L’estate sta finendo: sempre più spesso si sente parlare dell’inizio della scuola, quindi dei prossimi impegni di alunni e insegnanti. Oggi la mia riflessione verte su quest’ultimi.
Bisfrattati, temuti, odiati e amati sono sicuramente tra i protagonisti della storia di ogni studente. Un mestiere tutt’altro che semplice come insegnano anni di studi psicopedagogici (Amatori, 2019; Michelini, 2013). Come scrive Biagioli (2018) «Educare oggi è un discorso essenziale ed assieme inutile; rimanda ad antiche e complesse questioni sui significati di aiutare e di far crescere. Comunque sia senza modelli, senza l’autorevolezza dell’insegnante che genera ammirazione, è più difficile crescere e divenire adulti»
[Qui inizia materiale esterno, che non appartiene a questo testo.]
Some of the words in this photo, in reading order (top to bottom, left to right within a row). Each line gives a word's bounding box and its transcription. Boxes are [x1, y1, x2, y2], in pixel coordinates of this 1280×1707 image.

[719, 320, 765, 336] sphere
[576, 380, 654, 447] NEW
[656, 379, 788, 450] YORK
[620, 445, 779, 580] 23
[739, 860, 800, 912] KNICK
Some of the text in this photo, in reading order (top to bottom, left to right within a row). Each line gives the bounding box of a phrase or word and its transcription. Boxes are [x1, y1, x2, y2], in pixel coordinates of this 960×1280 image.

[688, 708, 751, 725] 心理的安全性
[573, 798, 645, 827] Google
Non a caso, già Sigmund Freud – in una sua frase, divenuta, a mio avviso, fin troppo celebre e iperduvulgata – sosteneva che i mestieri più difficili erano genitore, insegnante e psicologo. Infatti – come si può dedurre da un approfondimento sulla nota del grande psicoanalista (Interattivamente, 2023) – a ciascuno di essi è richiesta una grande capacità di comprensione delle dinamiche umane e di relazione con gli altri e hanno la responsabilità di fornire un ambiente sicuro e stabile per coloro che dipendono da loro, aiutandoli a superare le sfide della vita e a sviluppare una personalità sana. Nello specifico dell’insegnante viene a loro richiamata la responsabilità di formare e guidare i loro studenti nel loro percorso di apprendimento quindi la capacità di aiutare i loro studenti a comprendere il mondo che li circonda, ad affrontare le sfide della vita e a sviluppare una personalità sana.
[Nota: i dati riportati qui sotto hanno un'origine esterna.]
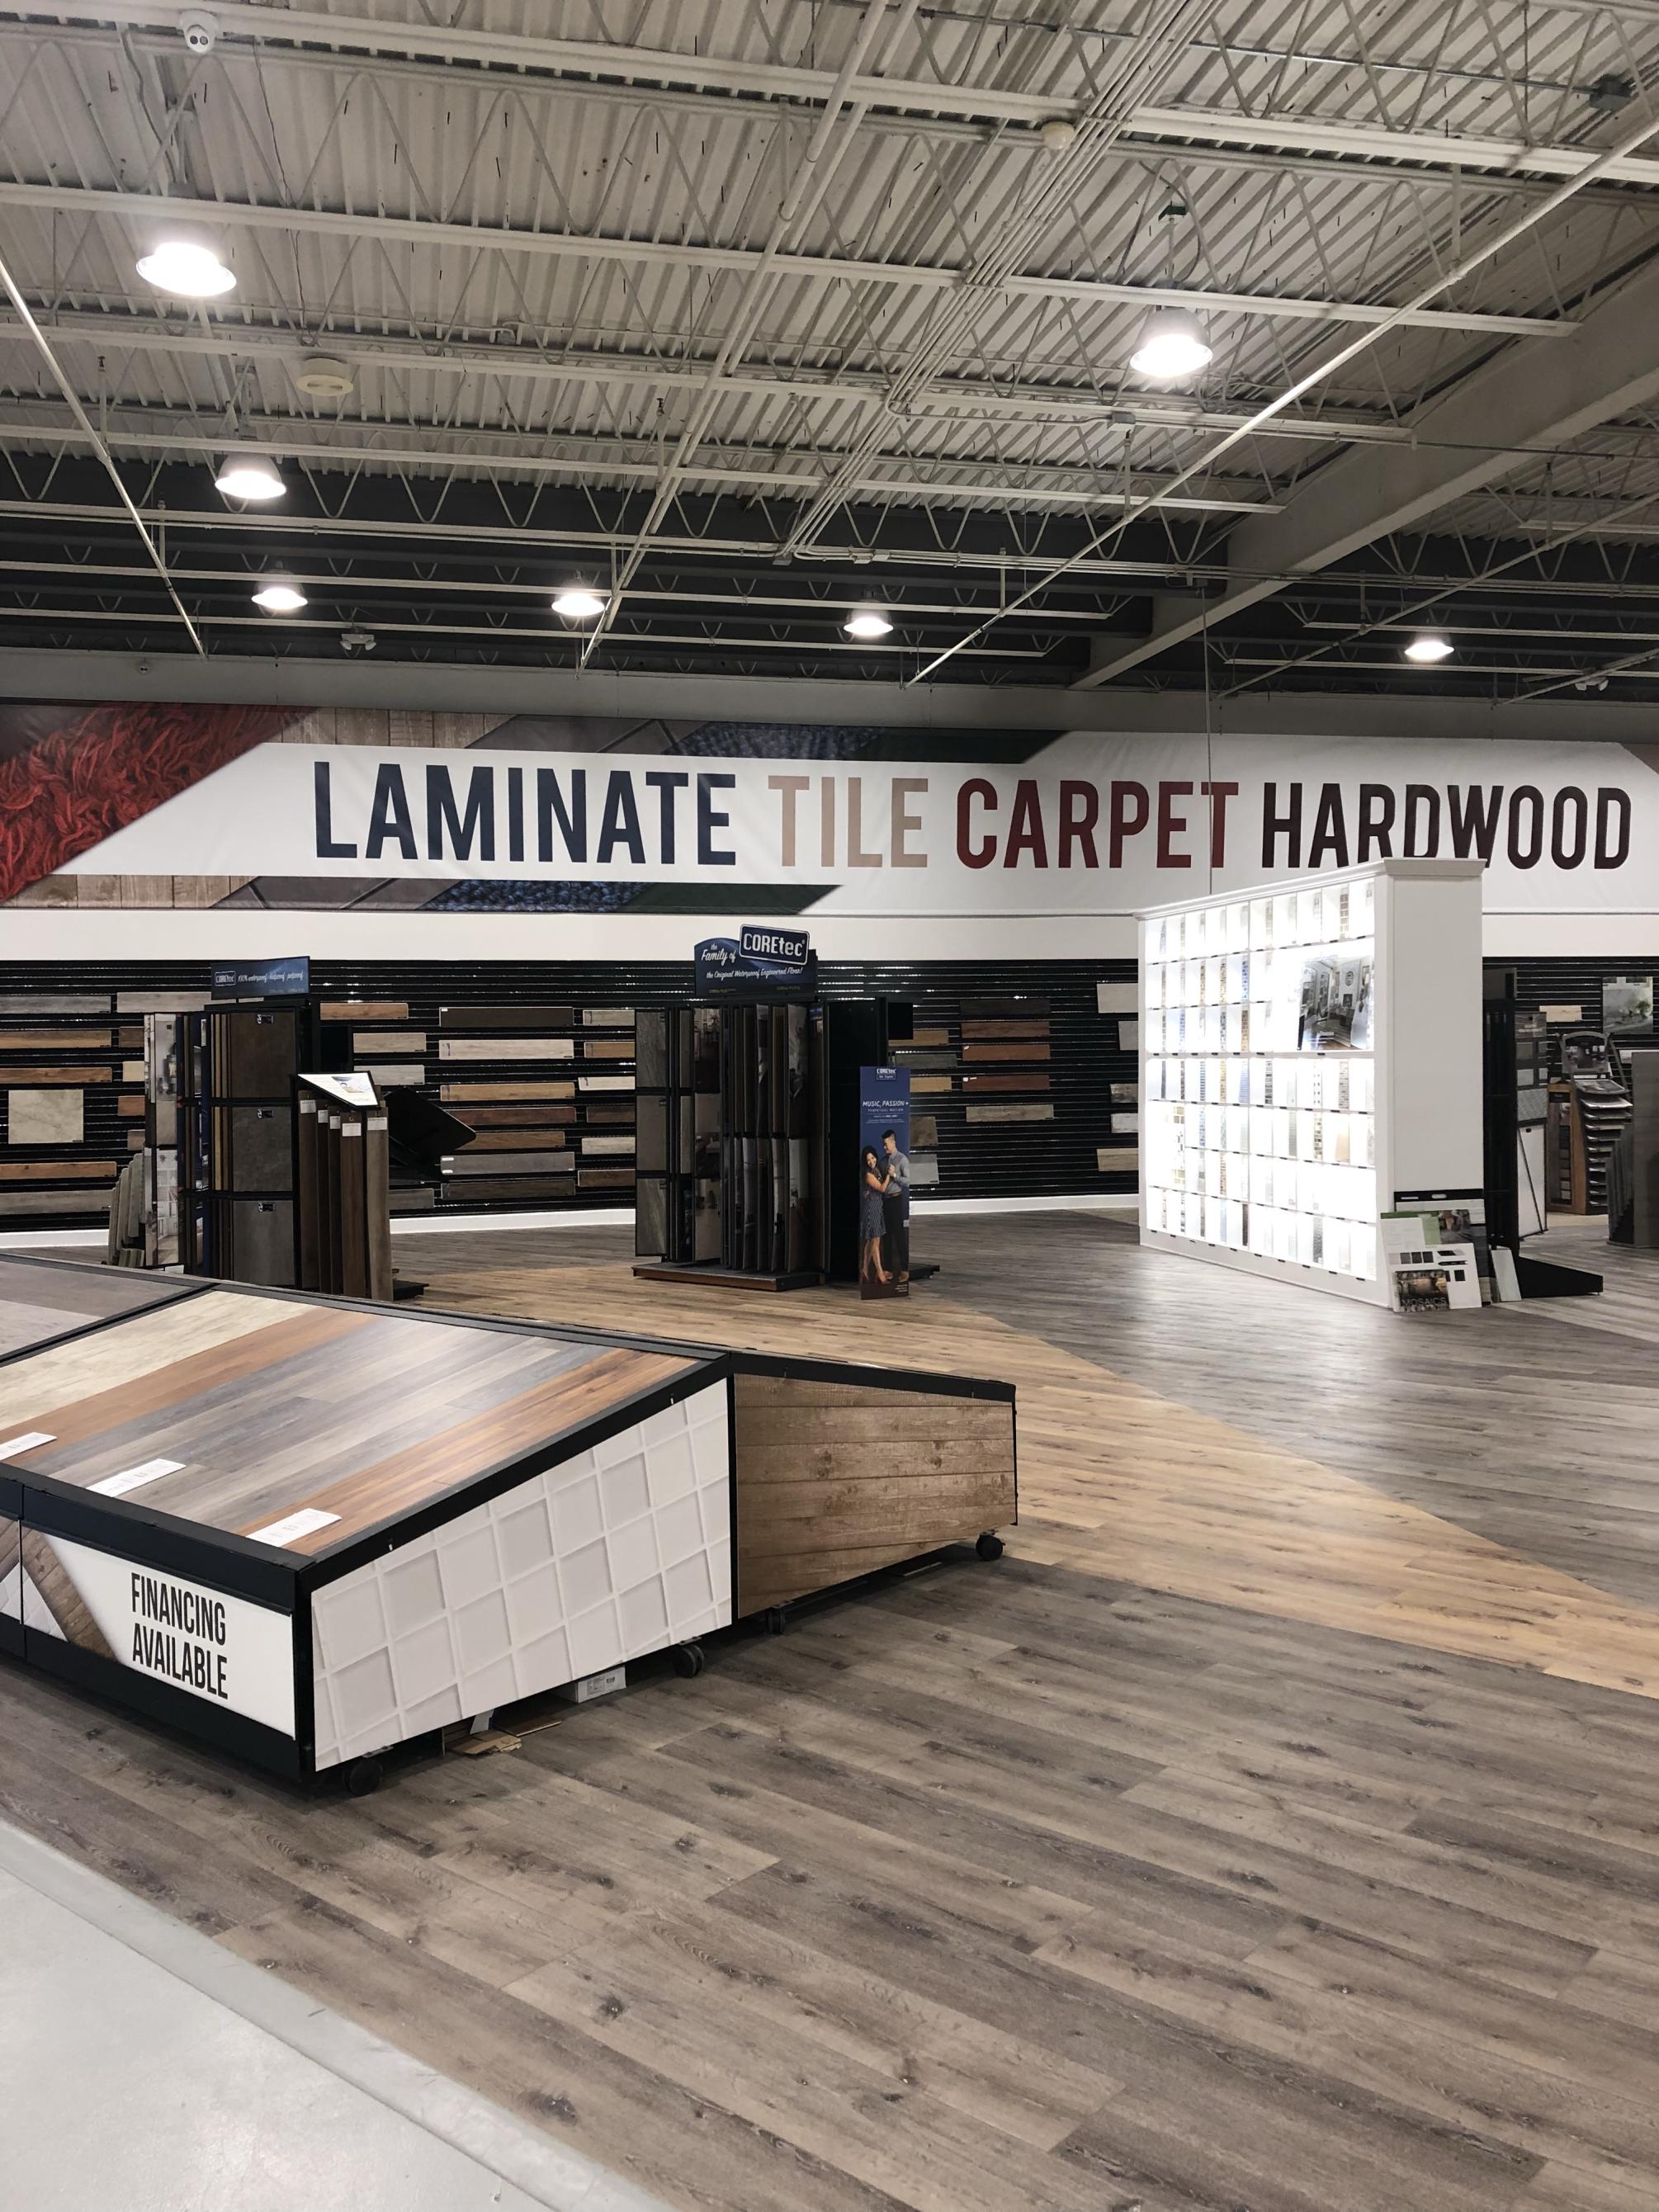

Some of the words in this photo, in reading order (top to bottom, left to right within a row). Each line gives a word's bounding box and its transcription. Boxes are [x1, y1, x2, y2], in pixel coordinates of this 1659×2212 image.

[314, 761, 736, 866] LAMINATE
[768, 775, 929, 867] TILE
[957, 778, 1239, 869] CARPET
[1261, 782, 1632, 870] HARDWOOD
[743, 933, 803, 957] COREtec
[701, 948, 728, 967] Family
[728, 949, 736, 963] of
[714, 970, 734, 981] Original
[1401, 1297, 1447, 1307] MOSAICS
[130, 1572, 226, 1646] FINANCING
[132, 1622, 229, 1699] AVAILABLE
Anche in tempi molto più recenti (Ventura, 2010), in più modi e occasioni, è stato messo in relazione il benessere del bambino con il ruolo svolto dall’insegnante sottolineando come sia importante pensare a quest’ultimi come soggetti impegnati nei campi delle relazioni di aiuto quindi da tutelare e supportare nel loro difficile operare quotidiano.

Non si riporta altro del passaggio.